▶ TASK DIRECTIONS:
Leave out the pictures, and retype the remaining data exactly.

AVAILABLE DATA START

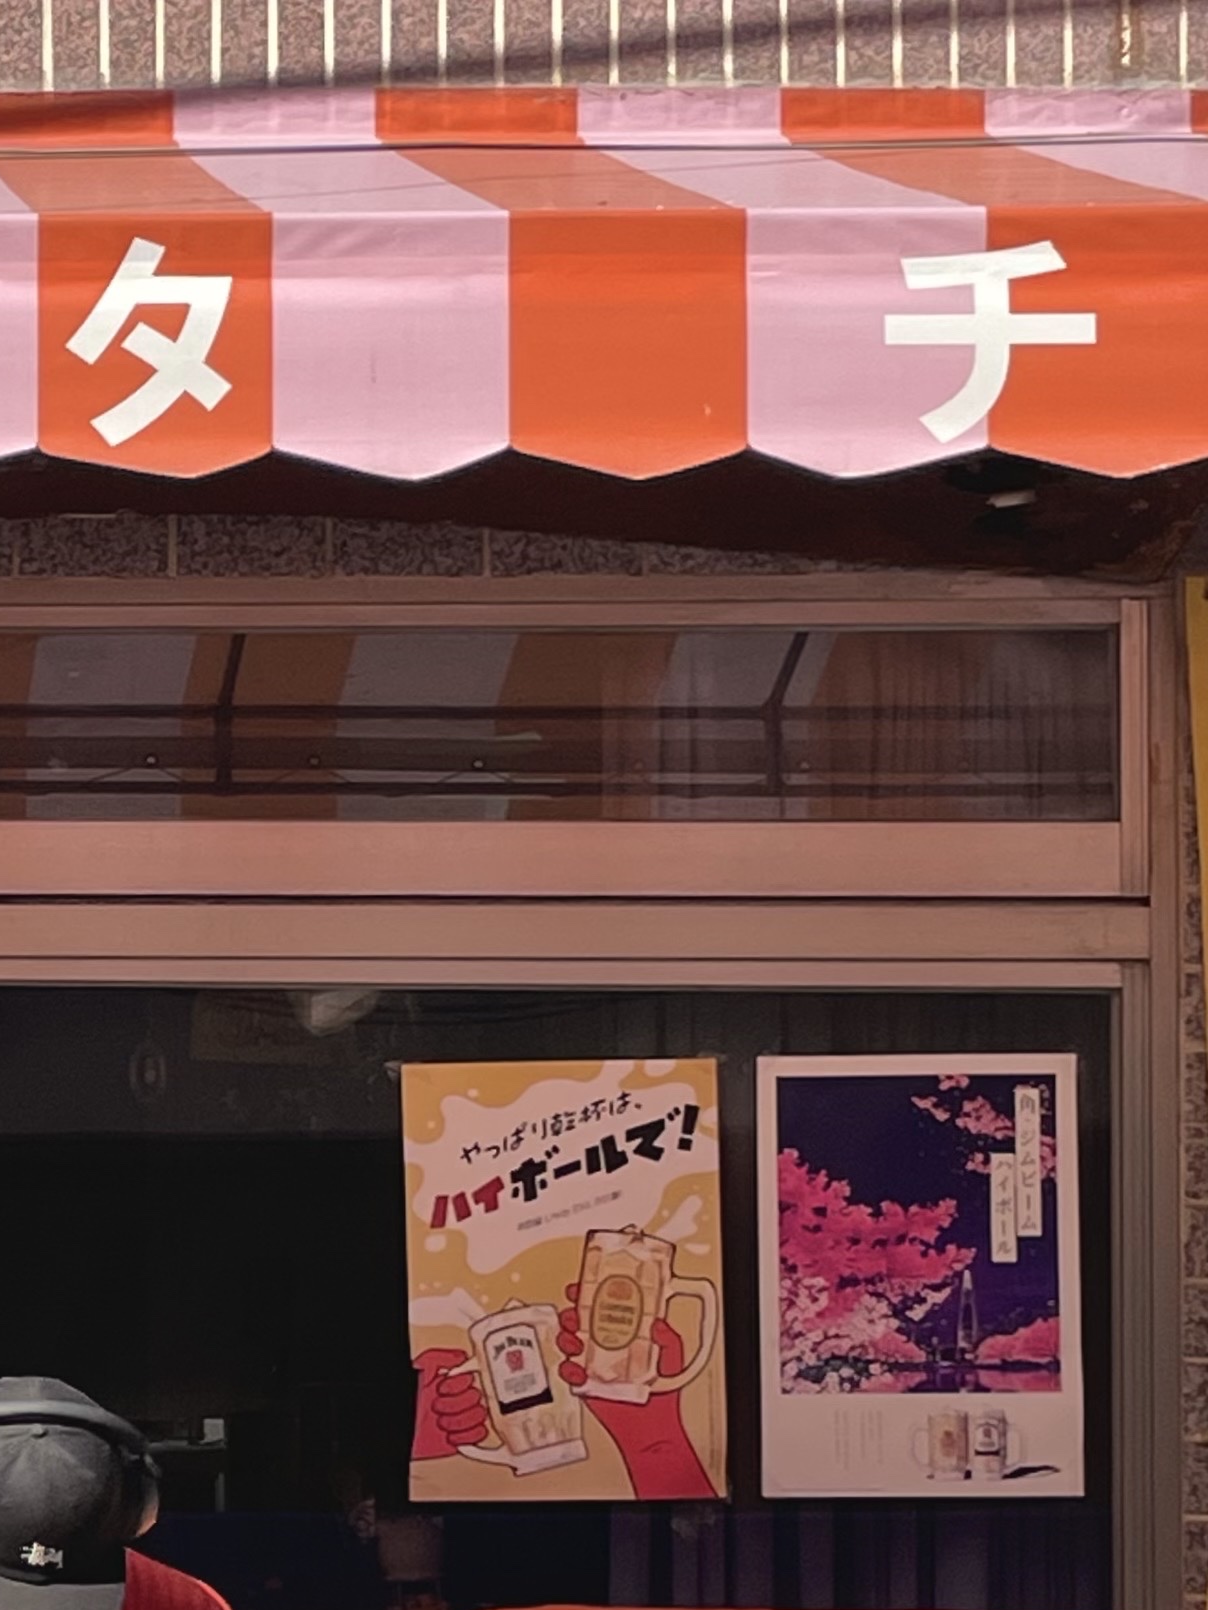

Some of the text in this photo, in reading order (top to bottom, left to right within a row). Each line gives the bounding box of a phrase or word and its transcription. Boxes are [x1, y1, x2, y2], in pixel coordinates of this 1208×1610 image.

[995, 1160, 1012, 1254] ハイボール
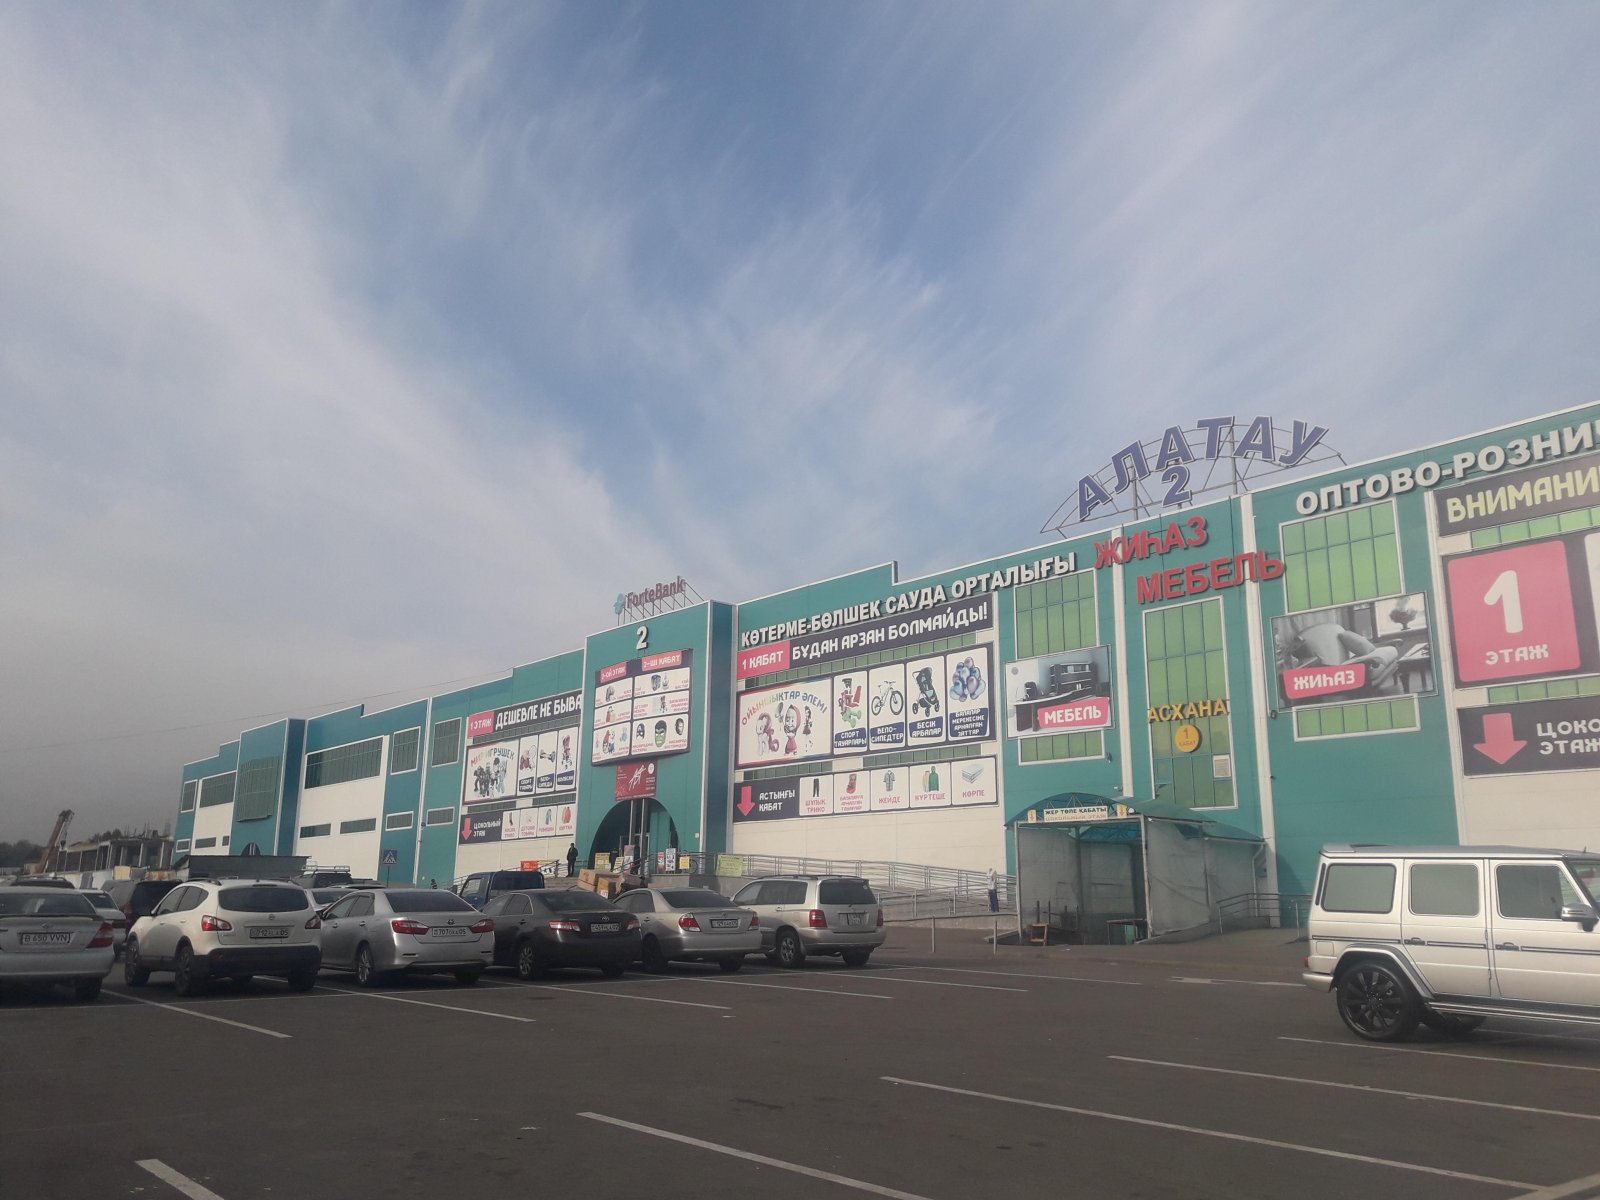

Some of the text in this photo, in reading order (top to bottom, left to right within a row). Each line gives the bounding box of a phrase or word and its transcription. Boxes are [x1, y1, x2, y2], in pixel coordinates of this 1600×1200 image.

[1077, 415, 1329, 520] АЛАТАУ
[1161, 465, 1192, 508] 2
[1446, 465, 1600, 523] ВНИМАНИ
[1094, 516, 1208, 569] ЖИҺАЗ
[627, 575, 687, 609] ForteBank
[1136, 550, 1285, 605] МЕБЕЛЬ
[741, 551, 1076, 647] КӨТЕРМЕ-БӨЛШЕК САУДА ОРТАЛЫҒЫ
[1484, 570, 1524, 634] 1
[636, 625, 648, 650] 2
[741, 659, 747, 670] 1
[841, 626, 885, 650] АРЗАН
[888, 602, 988, 642] БОЛМАЙДЫ!
[1485, 644, 1550, 666] ЭТАЖ
[1293, 669, 1356, 691] ЖИҺАЗ
[474, 717, 493, 729] ЭТАЖ
[495, 704, 539, 731] ДЕШЕВЛЕ
[540, 701, 552, 718] НЕ
[1044, 705, 1102, 725] МЕБЕЛЬ
[1148, 696, 1229, 723] АСХАНА
[840, 731, 860, 739] СПОРТ
[871, 732, 904, 743] СИПЕДТЕР
[1536, 718, 1600, 739] ЦОКО
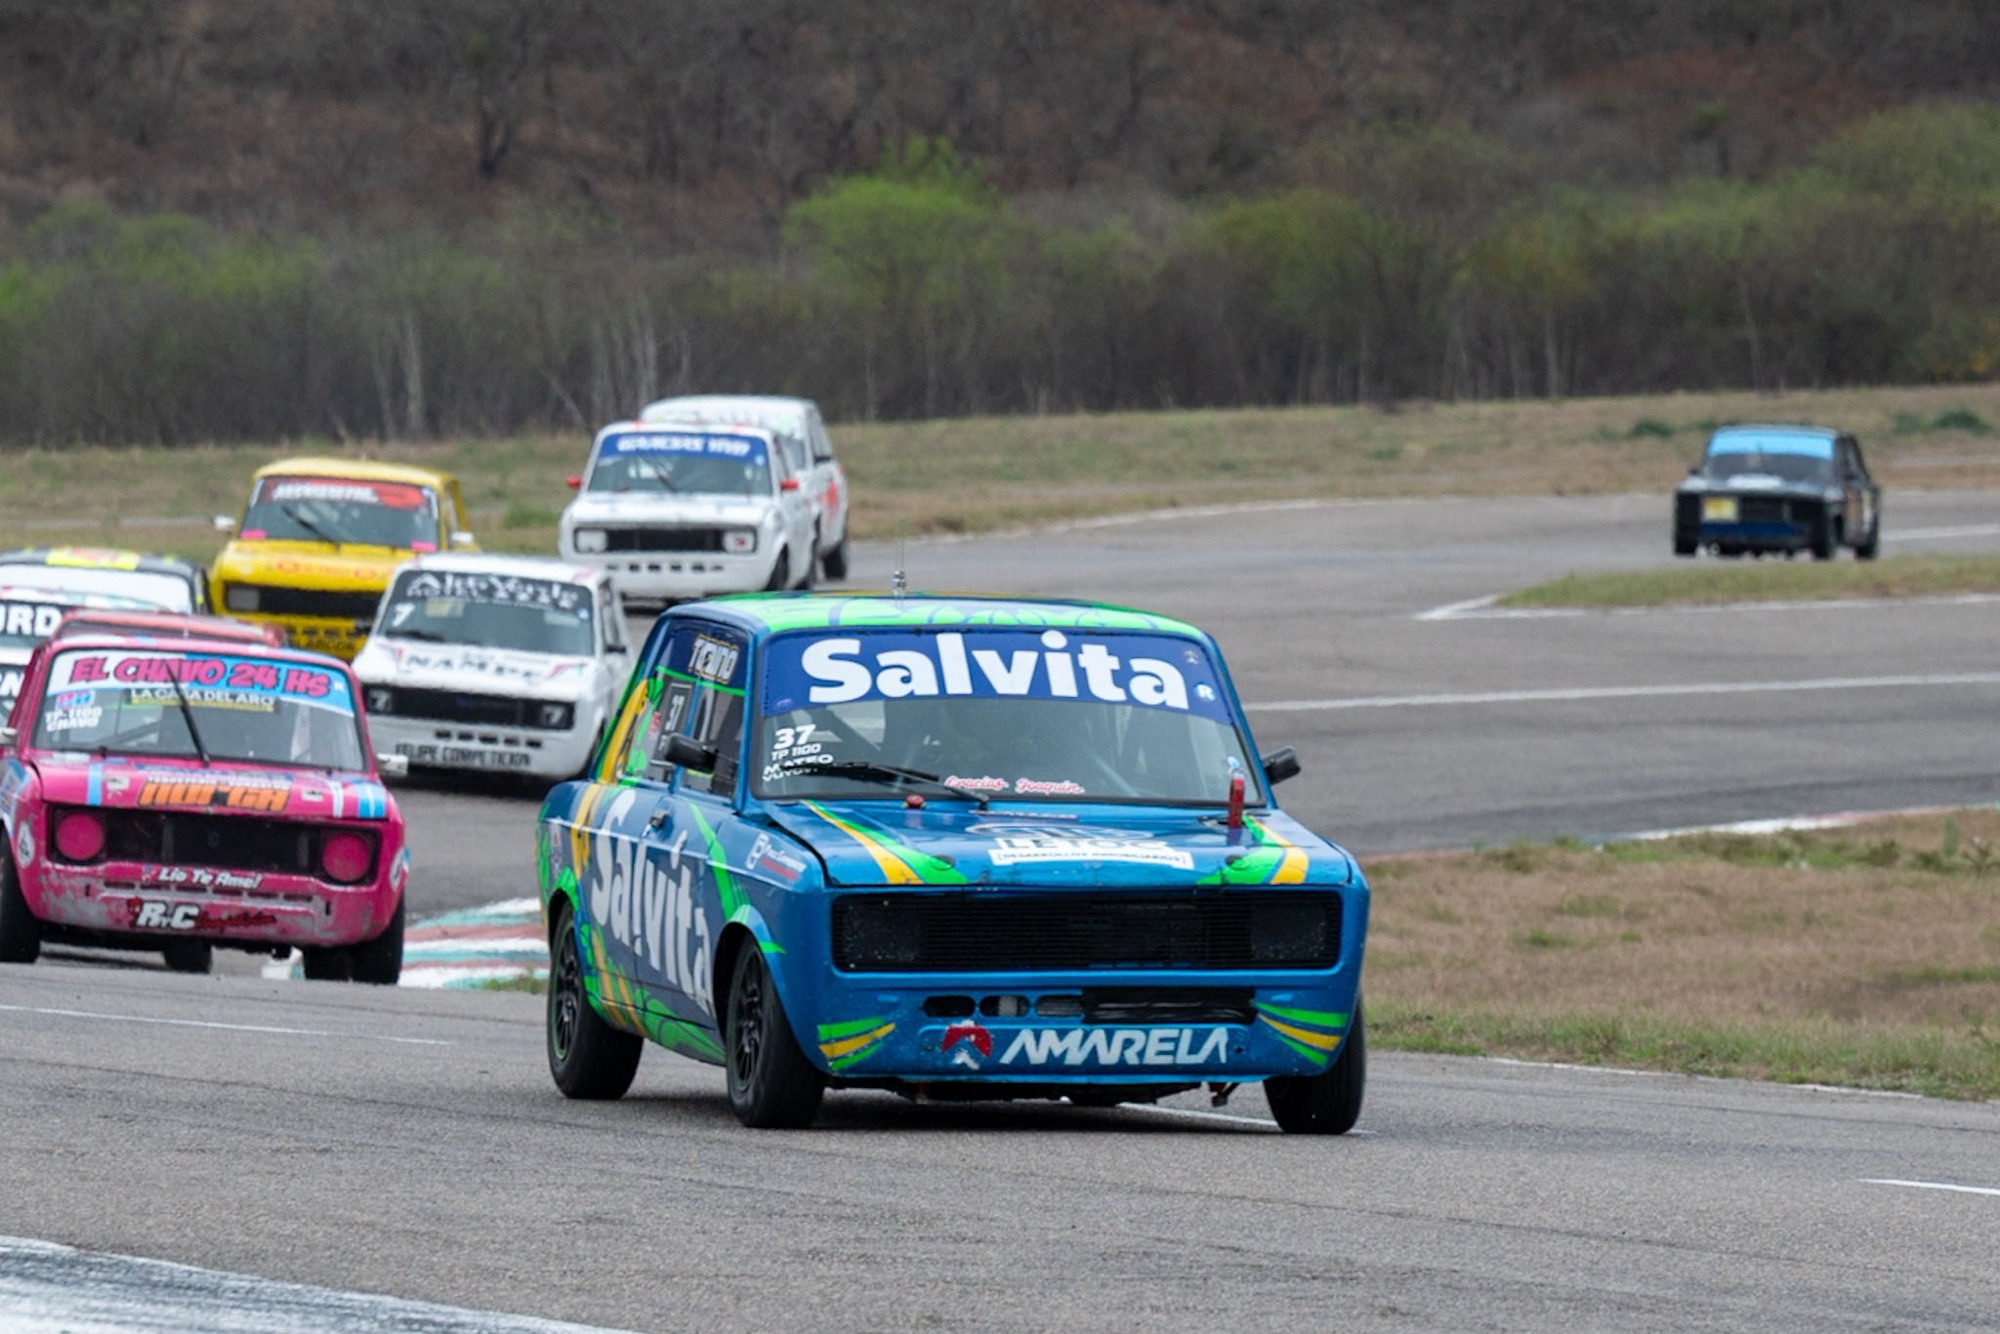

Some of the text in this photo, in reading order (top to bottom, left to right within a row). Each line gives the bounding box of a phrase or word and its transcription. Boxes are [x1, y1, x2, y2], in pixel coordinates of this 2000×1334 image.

AVAILABLE DATA END

▶ ANSWER SECTION:
Some of the text in this photo, in reading order (top to bottom, left to right within a row). Each line gives the bounding box of a phrase or word and its transcription. Boxes are [x1, y1, x2, y2], in pixel coordinates of this 1208×1610 image.

[995, 1160, 1012, 1254] ハイボール

Some of the text in this photo, in reading order (top to bottom, left to right within a row). Each line gives the bounding box of a phrase or word and its transcription. Boxes are [x1, y1, x2, y2], in pixel coordinates of this 1600×1200 image.

[1077, 415, 1329, 520] АЛАТАУ
[1161, 465, 1192, 508] 2
[1446, 465, 1600, 523] ВНИМАНИ
[1094, 516, 1208, 569] ЖИҺАЗ
[627, 575, 687, 609] ForteBank
[1136, 550, 1285, 605] МЕБЕЛЬ
[741, 551, 1076, 647] КӨТЕРМЕ-БӨЛШЕК САУДА ОРТАЛЫҒЫ
[1484, 570, 1524, 634] 1
[636, 625, 648, 650] 2
[741, 659, 747, 670] 1
[841, 626, 885, 650] АРЗАН
[888, 602, 988, 642] БОЛМАЙДЫ!
[1485, 644, 1550, 666] ЭТАЖ
[1293, 669, 1356, 691] ЖИҺАЗ
[474, 717, 493, 729] ЭТАЖ
[495, 704, 539, 731] ДЕШЕВЛЕ
[540, 701, 552, 718] НЕ
[1044, 705, 1102, 725] МЕБЕЛЬ
[1148, 696, 1229, 723] АСХАНА
[840, 731, 860, 739] СПОРТ
[871, 732, 904, 743] СИПЕДТЕР
[1536, 718, 1600, 739] ЦОКО

Some of the text in this photo, in reading order (top to bottom, left to right within a row). Each line gives the bounding box of a phrase or word and its transcription. Boxes are [x1, y1, x2, y2], in pixel coordinates of this 2000×1334 image.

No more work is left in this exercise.